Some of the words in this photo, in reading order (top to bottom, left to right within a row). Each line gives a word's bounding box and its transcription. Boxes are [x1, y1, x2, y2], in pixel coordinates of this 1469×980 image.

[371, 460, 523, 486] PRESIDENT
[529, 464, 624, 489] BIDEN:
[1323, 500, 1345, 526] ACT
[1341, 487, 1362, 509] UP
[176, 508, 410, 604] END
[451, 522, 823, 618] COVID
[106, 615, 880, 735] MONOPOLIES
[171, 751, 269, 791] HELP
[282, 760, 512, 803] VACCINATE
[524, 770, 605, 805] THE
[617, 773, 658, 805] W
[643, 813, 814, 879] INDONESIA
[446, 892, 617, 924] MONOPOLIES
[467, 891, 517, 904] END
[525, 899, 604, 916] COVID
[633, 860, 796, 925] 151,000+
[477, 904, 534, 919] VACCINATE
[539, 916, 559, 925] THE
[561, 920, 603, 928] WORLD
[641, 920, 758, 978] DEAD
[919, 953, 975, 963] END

..............................

YOUR TASK: Top to bottom, transcribe every line above exactly.

SOLVED PROBLEM:
Some of the words in this photo, in reading order (top to bottom, left to right within a row). Each line gives a word's bounding box and its transcription. Boxes are [x1, y1, x2, y2], in pixel coordinates of this 1469×980 image.

[371, 460, 523, 486] PRESIDENT
[529, 464, 624, 489] BIDEN:
[1323, 500, 1345, 526] ACT
[1341, 487, 1362, 509] UP
[176, 508, 410, 604] END
[451, 522, 823, 618] COVID
[106, 615, 880, 735] MONOPOLIES
[171, 751, 269, 791] HELP
[282, 760, 512, 803] VACCINATE
[524, 770, 605, 805] THE
[617, 773, 658, 805] W
[643, 813, 814, 879] INDONESIA
[446, 892, 617, 924] MONOPOLIES
[467, 891, 517, 904] END
[525, 899, 604, 916] COVID
[633, 860, 796, 925] 151,000+
[477, 904, 534, 919] VACCINATE
[539, 916, 559, 925] THE
[561, 920, 603, 928] WORLD
[641, 920, 758, 978] DEAD
[919, 953, 975, 963] END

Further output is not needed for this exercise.